## EXERCISE REQUIREMENTS
Any pictures should be dropped; everything else in the records is to be returned exactly.

## DATA FOR THIS EXERCISE
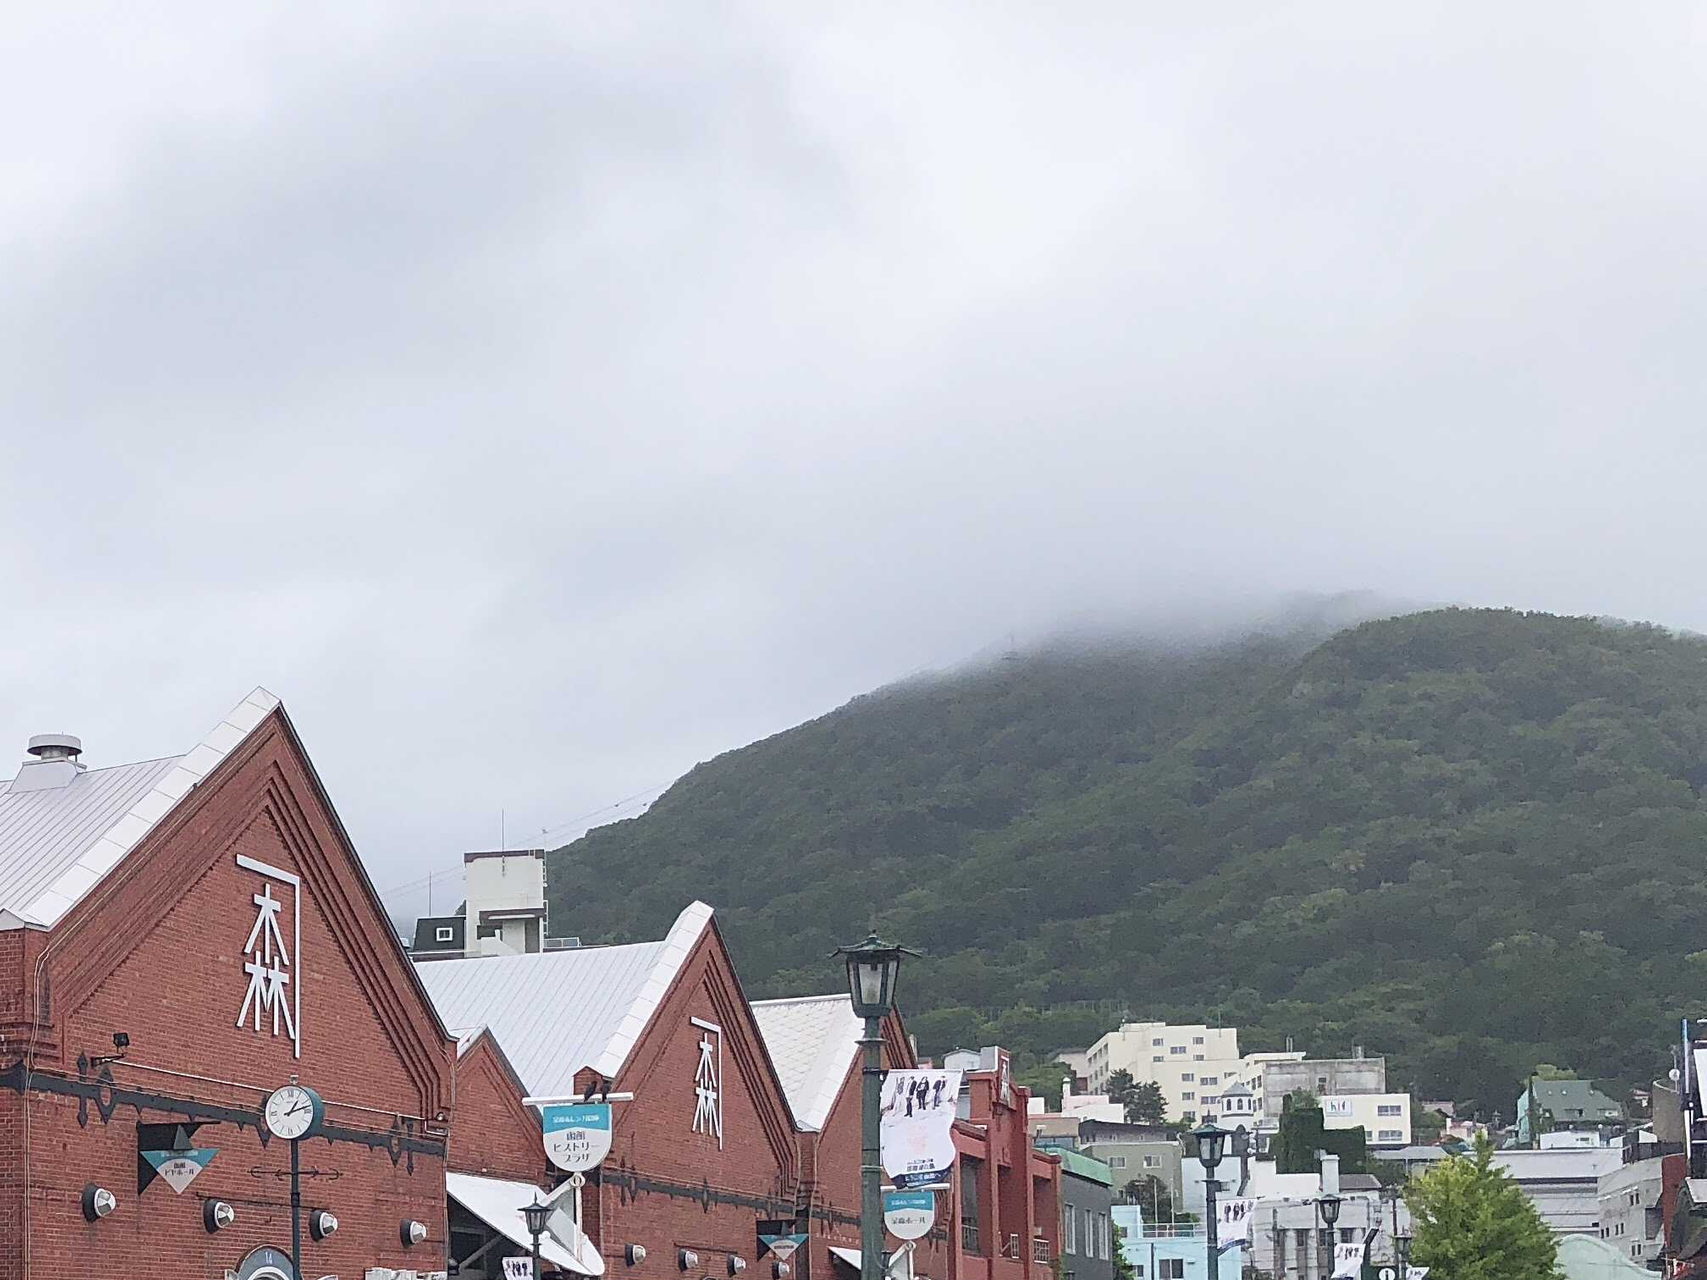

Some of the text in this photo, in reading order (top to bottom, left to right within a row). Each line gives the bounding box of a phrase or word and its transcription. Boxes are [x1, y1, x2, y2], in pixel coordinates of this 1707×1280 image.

[553, 1142, 600, 1152] ヒストリー
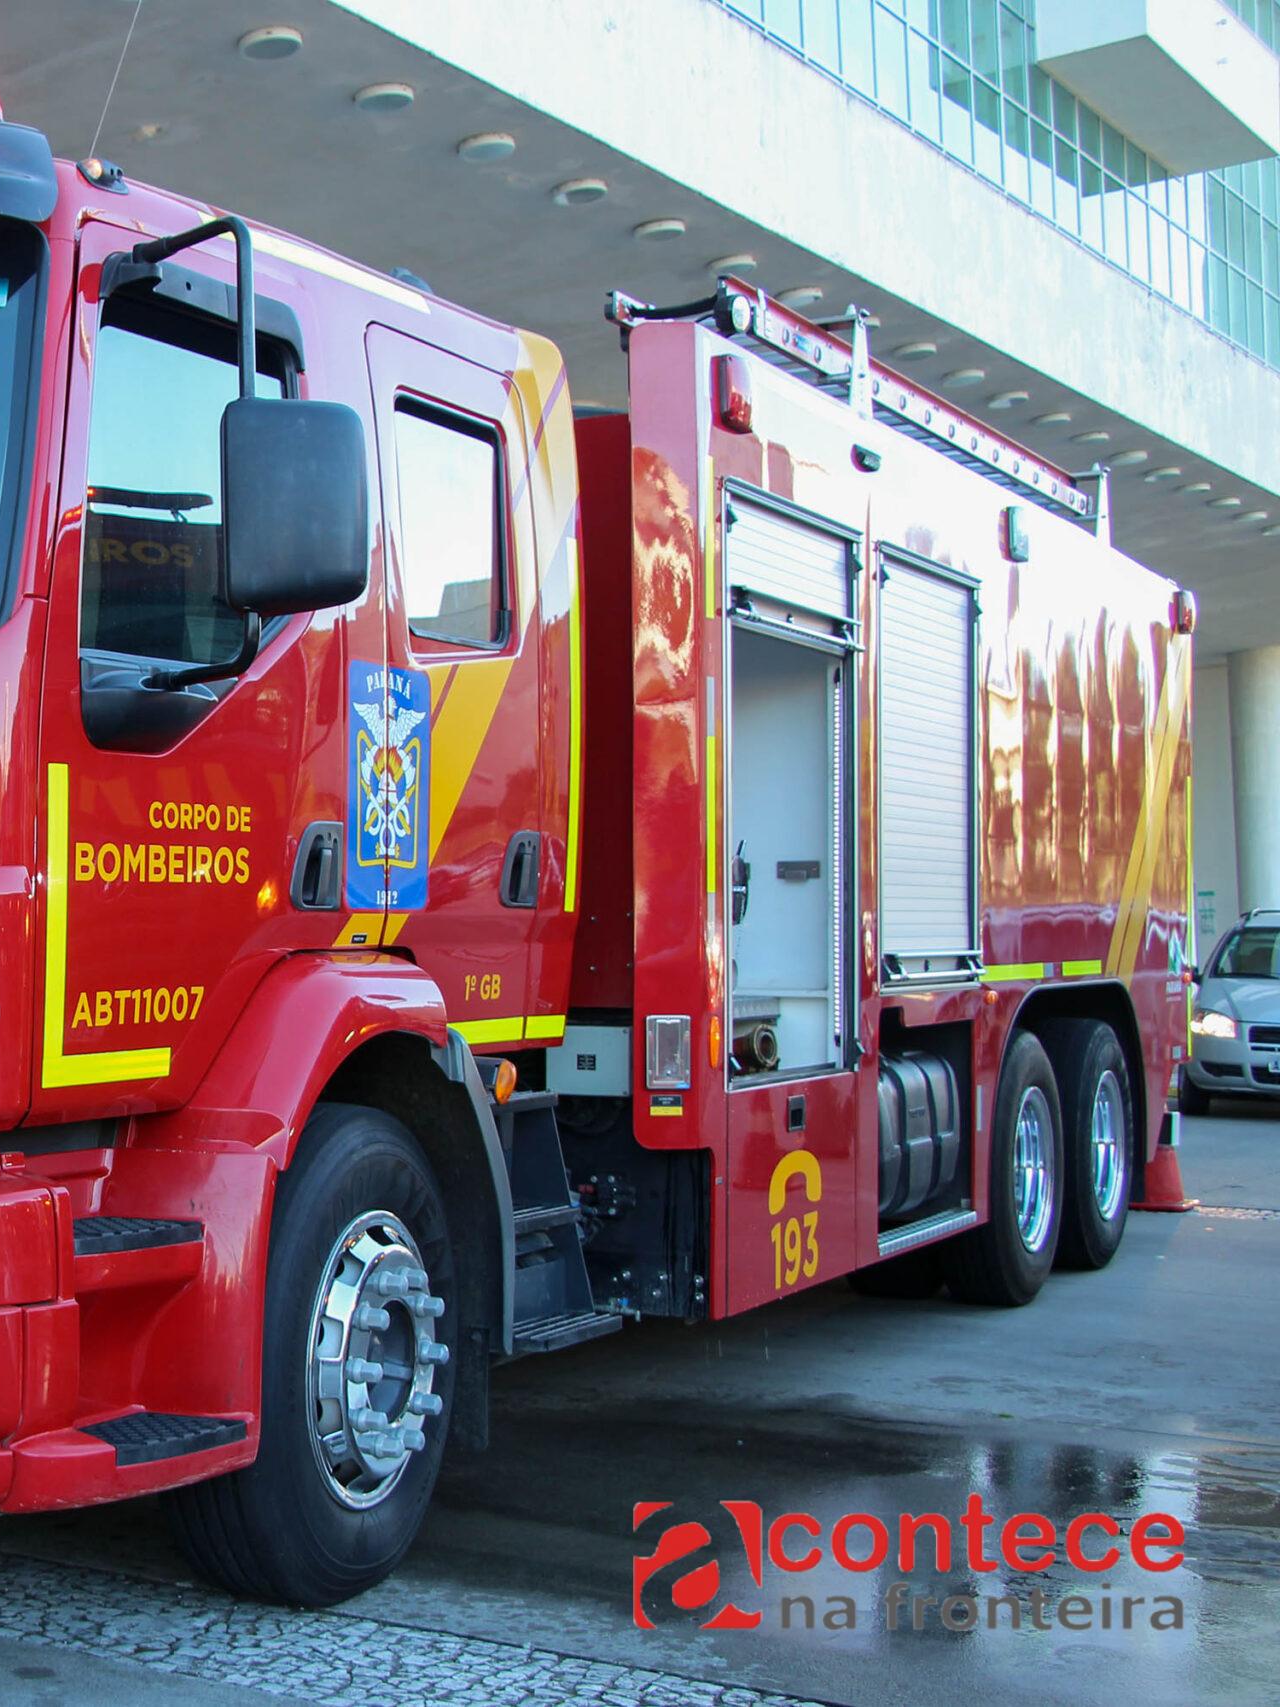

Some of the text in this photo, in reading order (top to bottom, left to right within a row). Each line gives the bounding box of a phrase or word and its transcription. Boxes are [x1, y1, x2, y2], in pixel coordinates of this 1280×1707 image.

[148, 801, 252, 833] CORPO DE
[74, 841, 251, 885] BOMBEIROS
[376, 889, 399, 905] 1912
[480, 974, 501, 1001] GB
[71, 986, 205, 1030] ABT11007
[769, 1210, 820, 1290] 193

## PROBLEM SOLUTION
Some of the text in this photo, in reading order (top to bottom, left to right within a row). Each line gives the bounding box of a phrase or word and its transcription. Boxes are [x1, y1, x2, y2], in pixel coordinates of this 1707×1280 image.

[553, 1142, 600, 1152] ヒストリー

Some of the text in this photo, in reading order (top to bottom, left to right within a row). Each line gives the bounding box of a phrase or word and its transcription. Boxes are [x1, y1, x2, y2], in pixel coordinates of this 1280×1707 image.

[148, 801, 252, 833] CORPO DE
[74, 841, 251, 885] BOMBEIROS
[376, 889, 399, 905] 1912
[480, 974, 501, 1001] GB
[71, 986, 205, 1030] ABT11007
[769, 1210, 820, 1290] 193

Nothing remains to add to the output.